[[ Input for this task open ]]
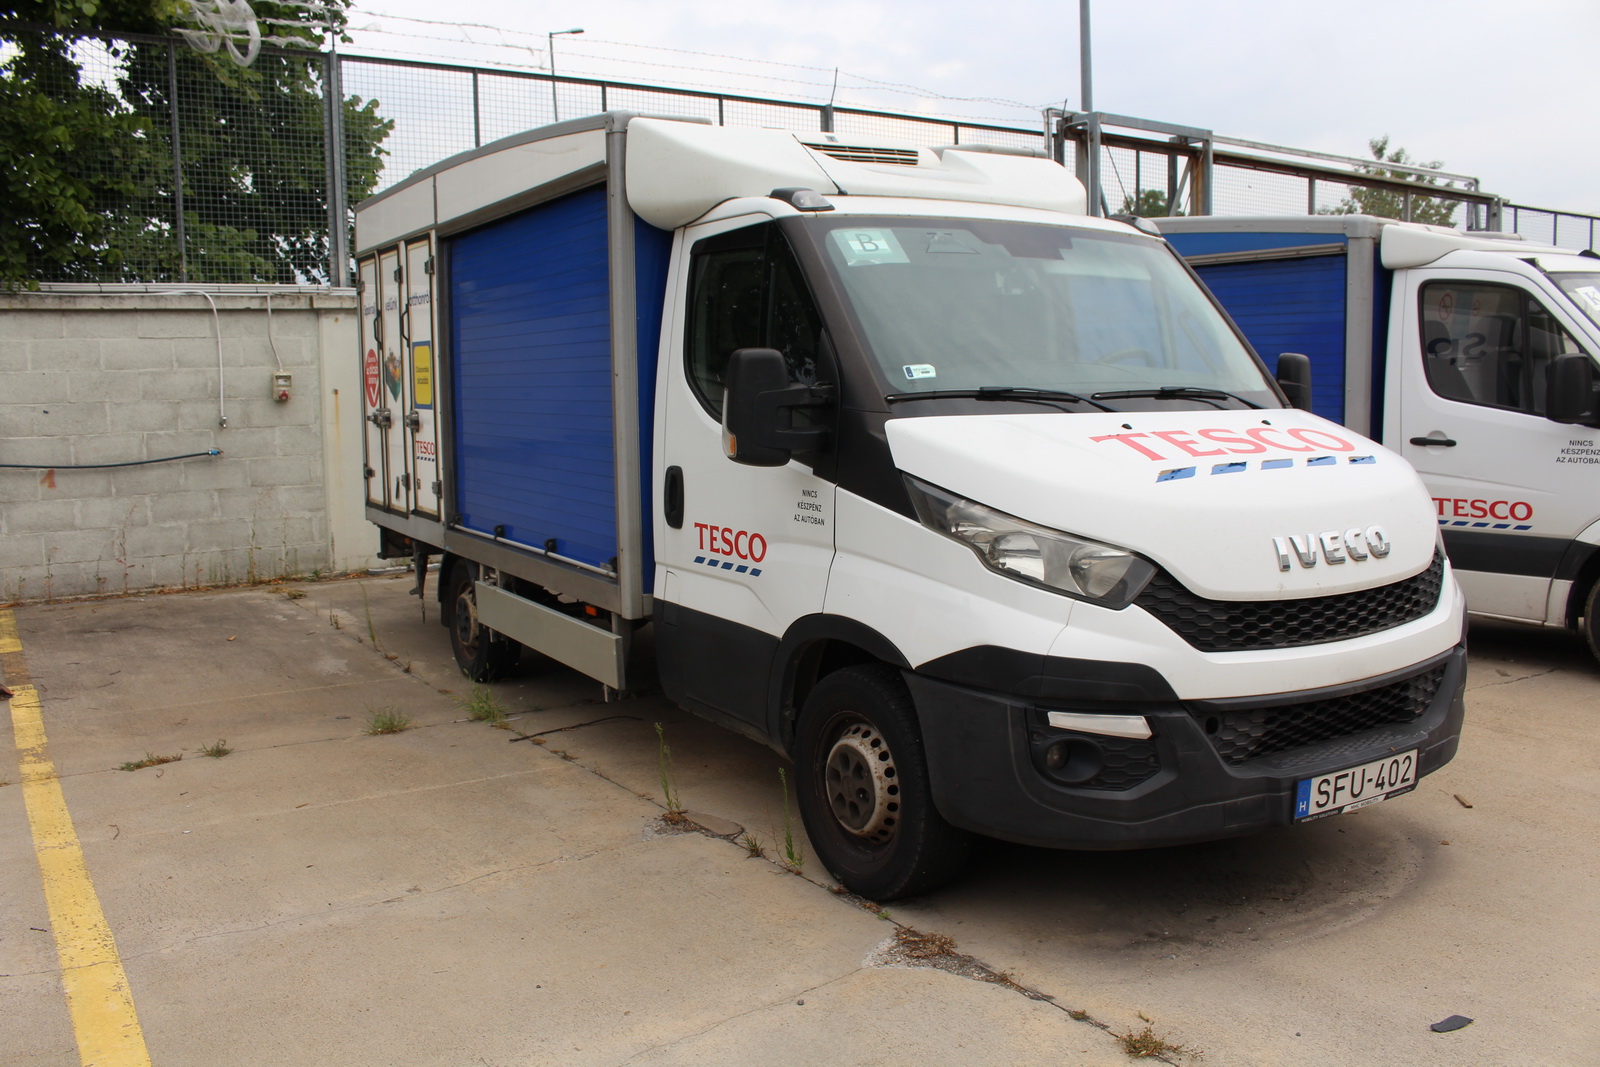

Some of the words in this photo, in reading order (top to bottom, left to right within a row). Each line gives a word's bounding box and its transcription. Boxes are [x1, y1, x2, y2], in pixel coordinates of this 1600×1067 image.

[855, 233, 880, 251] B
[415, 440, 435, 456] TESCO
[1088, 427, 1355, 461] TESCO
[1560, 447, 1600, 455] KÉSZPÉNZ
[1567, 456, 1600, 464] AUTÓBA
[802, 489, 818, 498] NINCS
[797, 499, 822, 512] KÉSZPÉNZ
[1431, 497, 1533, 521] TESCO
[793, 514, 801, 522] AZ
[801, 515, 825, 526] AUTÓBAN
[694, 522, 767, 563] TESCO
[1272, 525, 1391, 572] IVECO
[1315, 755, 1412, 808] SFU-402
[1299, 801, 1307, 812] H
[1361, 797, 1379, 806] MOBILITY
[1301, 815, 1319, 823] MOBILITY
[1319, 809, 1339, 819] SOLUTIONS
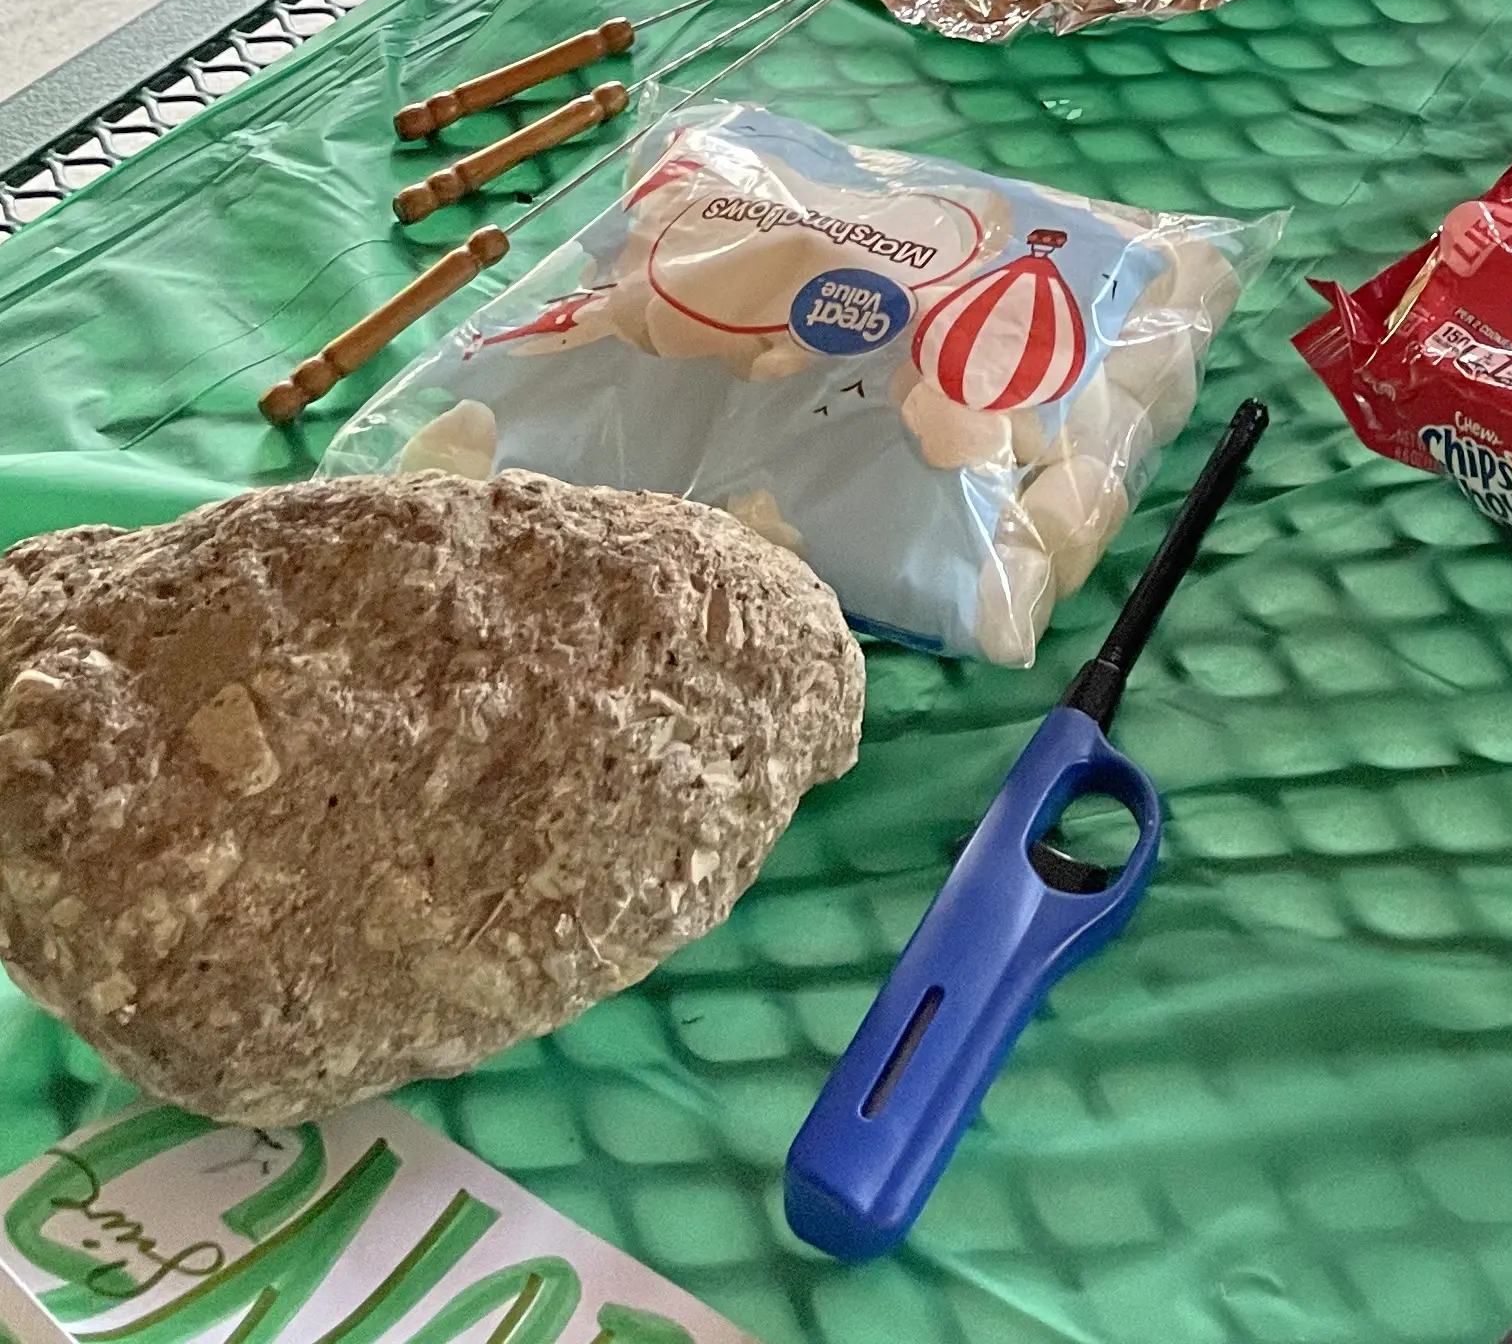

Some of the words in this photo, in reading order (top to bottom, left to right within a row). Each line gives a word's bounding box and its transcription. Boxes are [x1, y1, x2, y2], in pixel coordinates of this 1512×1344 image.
[[ Input for this task closed ]]
[[ Input for this task open ]]
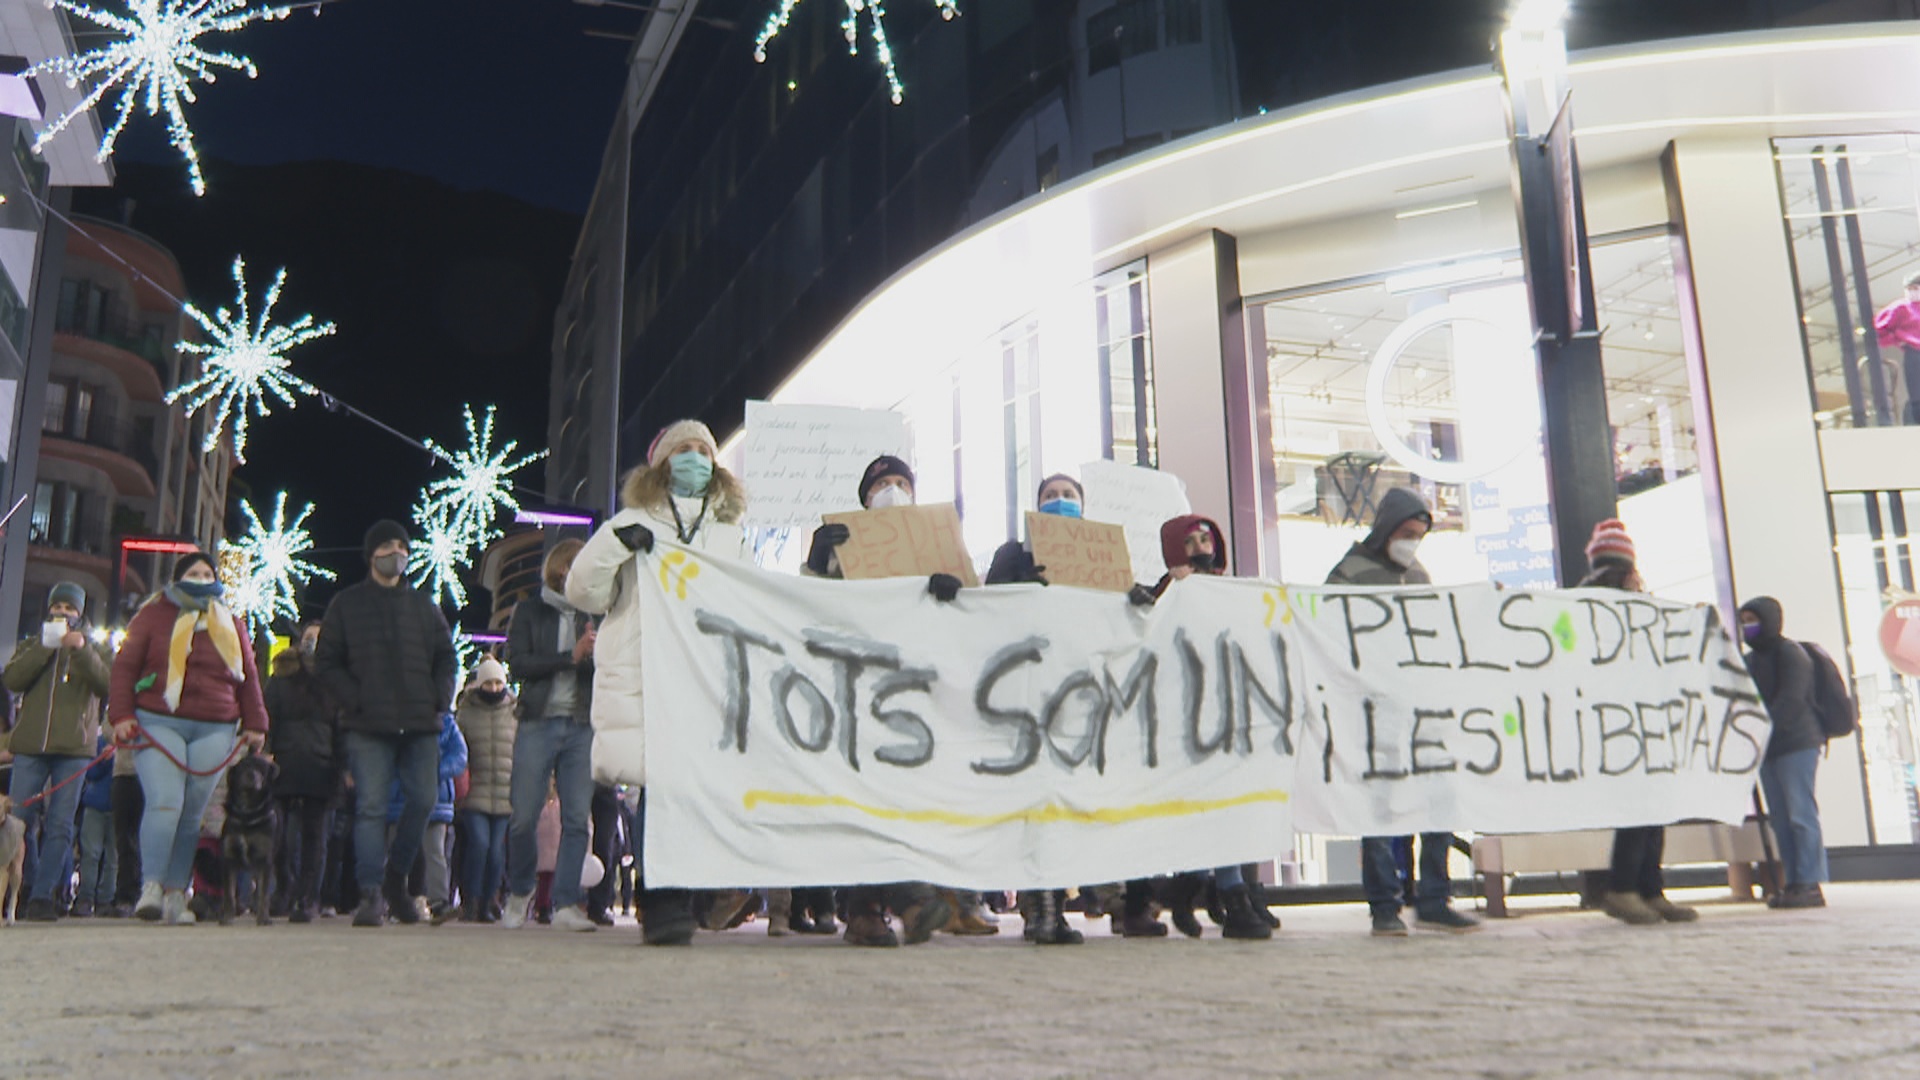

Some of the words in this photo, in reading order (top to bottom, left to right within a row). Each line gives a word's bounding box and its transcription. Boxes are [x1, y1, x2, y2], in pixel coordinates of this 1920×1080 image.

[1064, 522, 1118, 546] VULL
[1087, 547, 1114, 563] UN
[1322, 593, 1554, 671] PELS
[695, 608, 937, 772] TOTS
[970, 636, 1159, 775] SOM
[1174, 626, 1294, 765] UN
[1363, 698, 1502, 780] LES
[[ Input for this task closed ]]
◆ Try it
Reproduce exactly the lines above starting at the line containing "this 1600×1067 image." and ending at the line containing "this 1512×1344 image.", including both, but not the pictures.

◆ Written solution
Some of the words in this photo, in reading order (top to bottom, left to right within a row). Each line gives a word's bounding box and its transcription. Boxes are [x1, y1, x2, y2], in pixel coordinates of this 1600×1067 image.

[855, 233, 880, 251] B
[415, 440, 435, 456] TESCO
[1088, 427, 1355, 461] TESCO
[1560, 447, 1600, 455] KÉSZPÉNZ
[1567, 456, 1600, 464] AUTÓBA
[802, 489, 818, 498] NINCS
[797, 499, 822, 512] KÉSZPÉNZ
[1431, 497, 1533, 521] TESCO
[793, 514, 801, 522] AZ
[801, 515, 825, 526] AUTÓBAN
[694, 522, 767, 563] TESCO
[1272, 525, 1391, 572] IVECO
[1315, 755, 1412, 808] SFU-402
[1299, 801, 1307, 812] H
[1361, 797, 1379, 806] MOBILITY
[1301, 815, 1319, 823] MOBILITY
[1319, 809, 1339, 819] SOLUTIONS

Some of the words in this photo, in reading order (top to bottom, left to right within a row). Each line gives a word's bounding box and its transcription. Boxes are [x1, y1, x2, y2], in pixel coordinates of this 1512×1344 image.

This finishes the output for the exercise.